We'll use Node v22.15.0 on this application. You can set it up with nodenv by running:

nodenv install 22.15.0
nodenv local 22.15.0

If you don't already have nodenv installed, then you can do so with their easy installation package: npx @nodenv/nodenv-installer.

3. Install dependencies

The client and server run separately in this project, so we recommend opening two terminals side-by-side -- that way you can see any error messages from them both at the same time.

If you have a terminal open in VS Code, you can split it by pressing cmd + \.

In the first terminal, install the server dependencies:

cd ./code/server
npm install

In the second terminal, install the client dependencies:

cd ./code/client
npm install

4. Set up your environment variables

You'll need to set up the environment variables on both sides of the project.

  1. Go to the Dashboard's API key page so that you'll have the publishable and secret keys on hand.
  2. Run stripe login to get your CLI synced with your account. Once that's complete, run stripe listen --print-secret to get your webhook secret.
  3. From your terminal in code/server, run cp ./.env.example .env to set up your .env file.
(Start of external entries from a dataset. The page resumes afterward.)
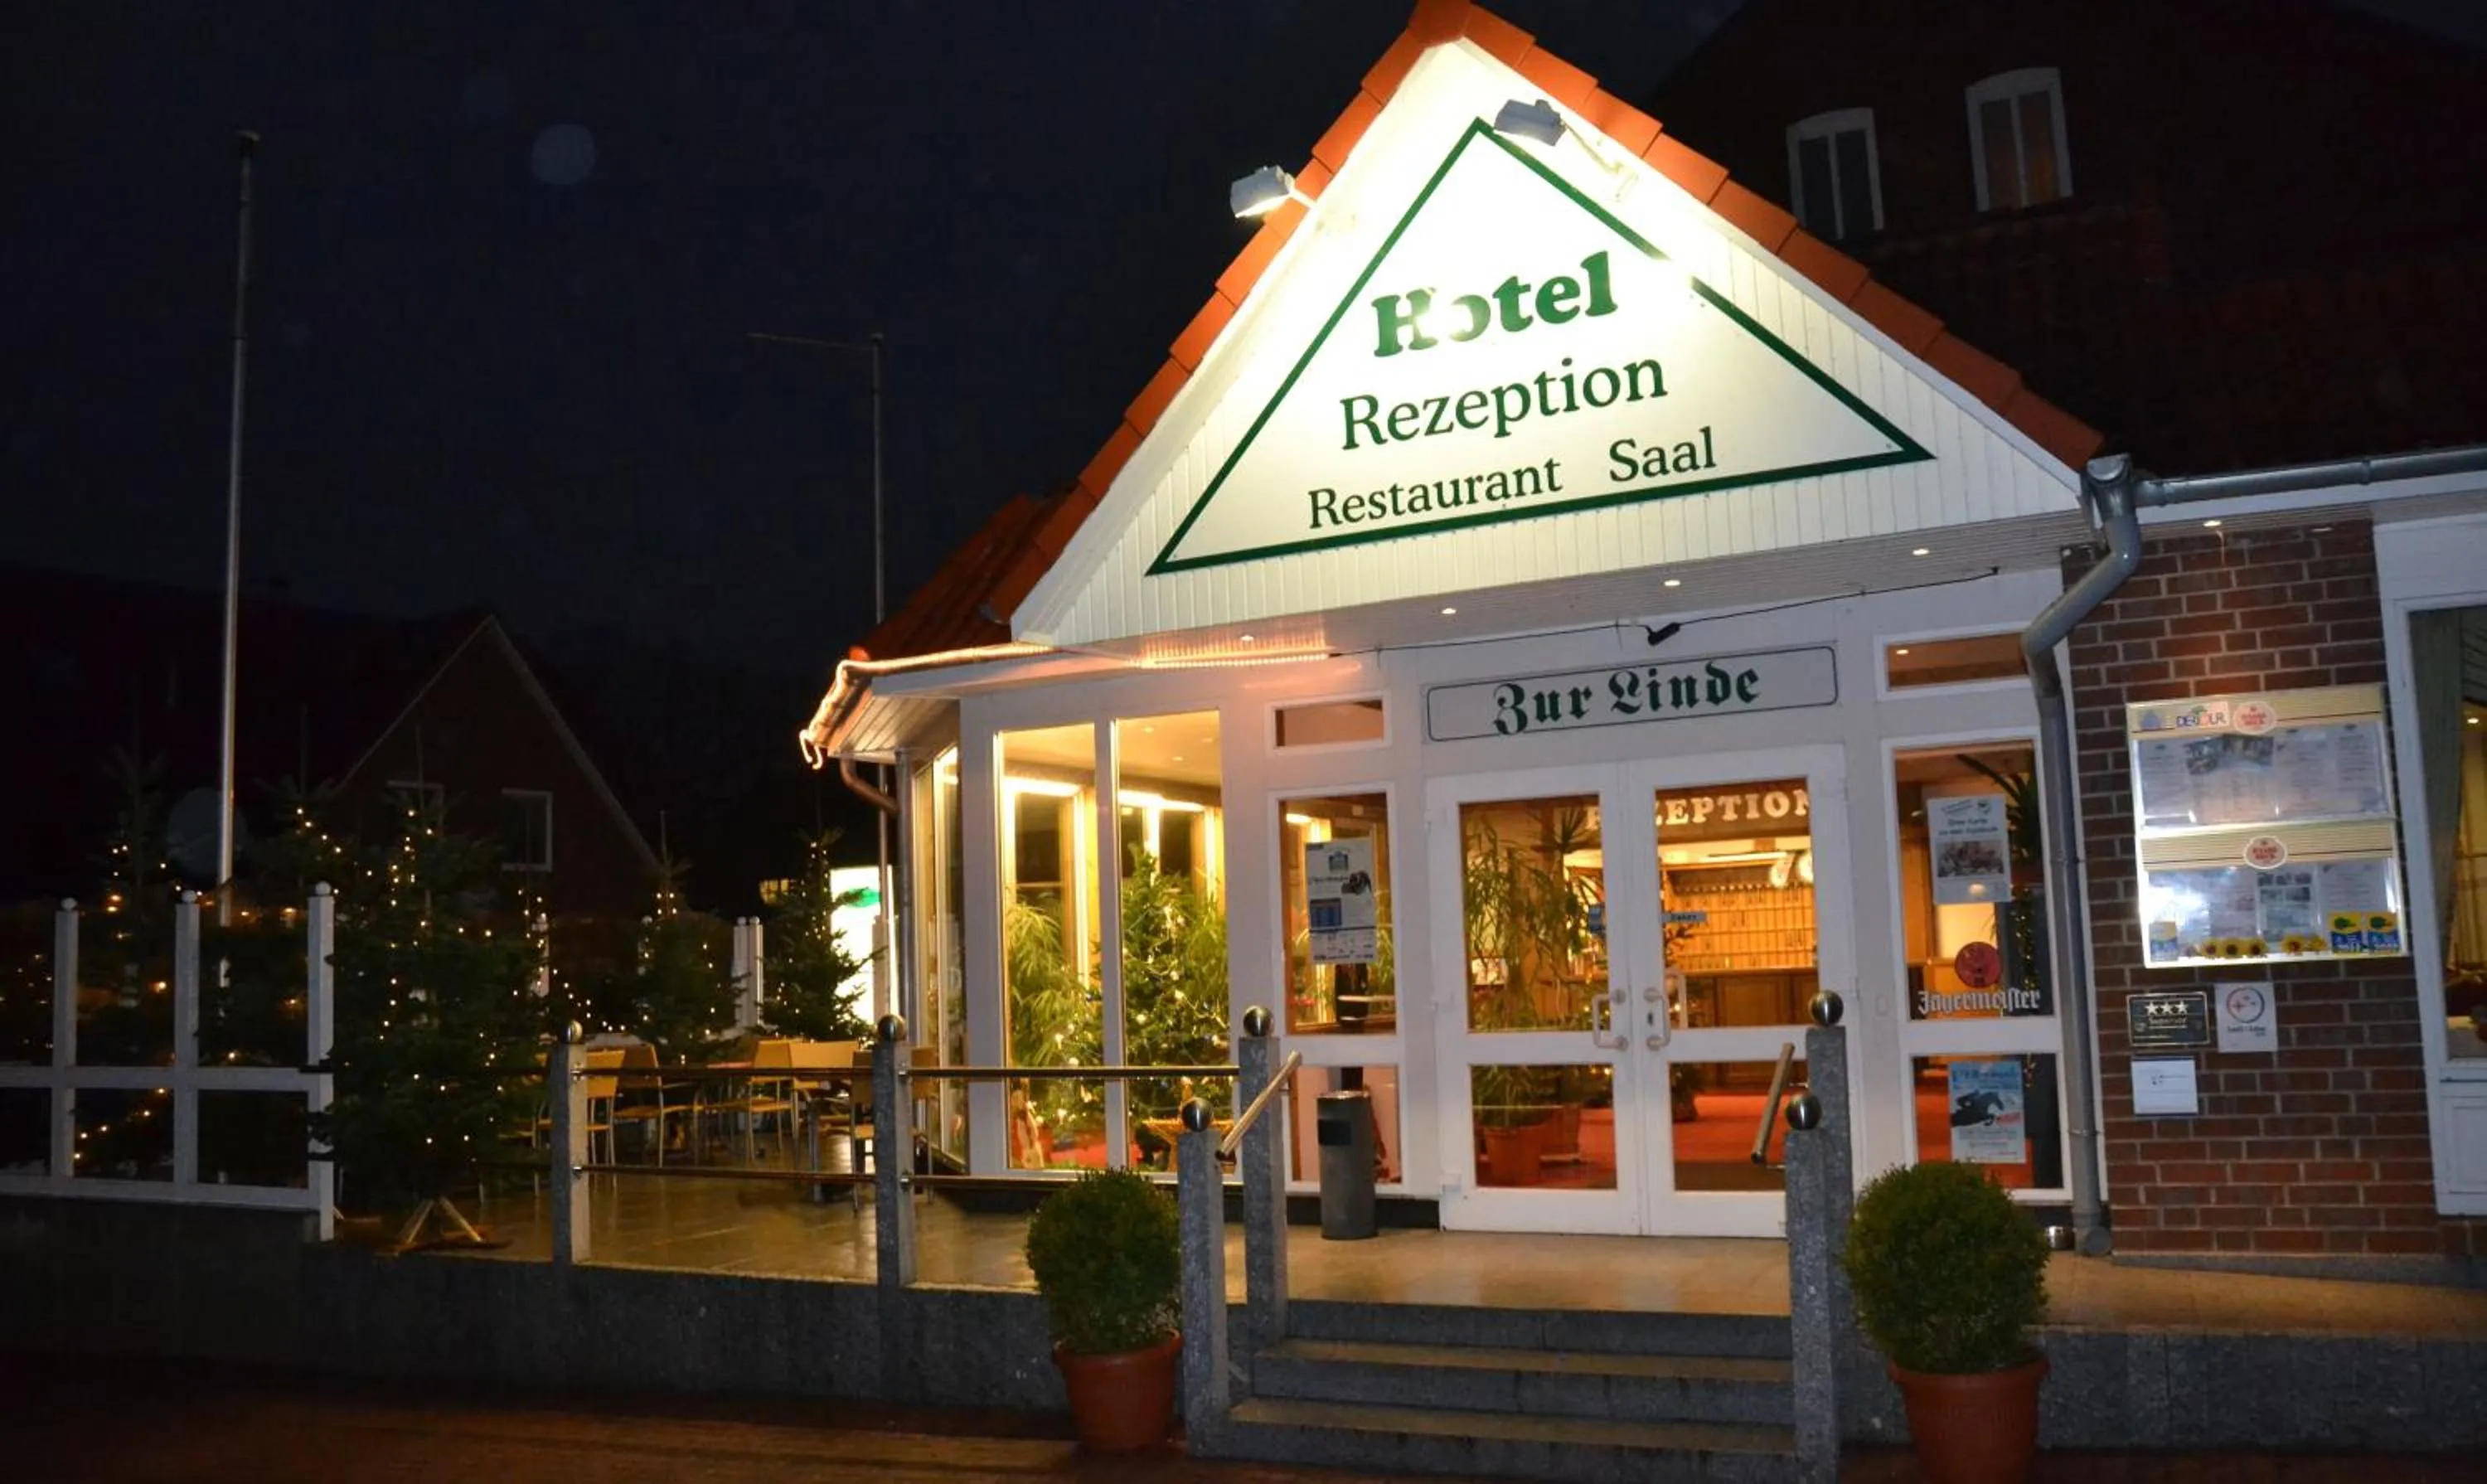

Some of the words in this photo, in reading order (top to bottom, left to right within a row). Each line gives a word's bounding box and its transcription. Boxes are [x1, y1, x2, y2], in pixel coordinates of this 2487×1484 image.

[1371, 250, 1618, 357] Hotel
[1340, 357, 1668, 450] Rezeption
[1307, 458, 1563, 530] Restaurant
[1608, 427, 1717, 483] Saal
[1493, 683, 1593, 735] Zur
[1608, 661, 1760, 715] Linde
Plug in the values for the Stripe secret, publishable, and webhook keys.
  4. From your terminal in code/client, run cp ./.env.example .env to set up your .env file. Plug in the value for the Stripe publishable key.
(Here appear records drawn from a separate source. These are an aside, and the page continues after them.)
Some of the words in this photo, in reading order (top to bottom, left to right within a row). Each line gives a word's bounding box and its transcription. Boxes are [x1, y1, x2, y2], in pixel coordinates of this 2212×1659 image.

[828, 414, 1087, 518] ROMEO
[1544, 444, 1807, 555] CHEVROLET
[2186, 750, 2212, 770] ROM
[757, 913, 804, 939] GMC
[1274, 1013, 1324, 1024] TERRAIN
6. Start the client & server

  1. From your terminal in code/server, run npm run dev.
  2. From your terminal in code/client, run npm run dev.
  3. Open localhost:3000 and the Pose app should open right up!

Running the Playwright smoke test

There's a minimal smoke test written in Playwright to ensure that the application still starts once the Stripe integration has been redacted. Run it with the following commands:

npm install
export PLAYWRIGHT_BROWSERS_PATH=0
npx playwright install --with-deps chromium
npx playwright test

Note: Playwright installs browsers into a shared system directory by default. The environment variable exported above tells it to install browsers directly into this project folder, which is helpful on corporate devices which only allow binaries to be run from particular directories. If you don't have that constraint, then the variable can be omitted.

Setting up a Capital Loan for an Account

  • Within the Pose app, create a new user and complete the account onboarding
  • Within your Stripe Dashboard click "Capital" under Products
  • Click "Set up" and then "Create" from within the "Financing Offers" tab
  • Fill out the offer form and select the account you just created. What status you pick will determine what the user sees in the Capital component back in Pose.
  • If you select a status of 'Undelivered' the account will be prompted to fill out the application. After they fill out the application, you will need to go back to the dashboard and click on the '...' by offer and select "approve and disperse funds".
  • If you click the status of 'delivered' the loan will immediately show up in the user's account on Pose and they won't be shown an offer first.
  • Once the loan has been delivered to the user, the user can make manual payments on the loan from their bank acount, or you can see automatic payments happening after a customer has signed up for a class.
  • You can only create one active offer for an account at a time in test mode.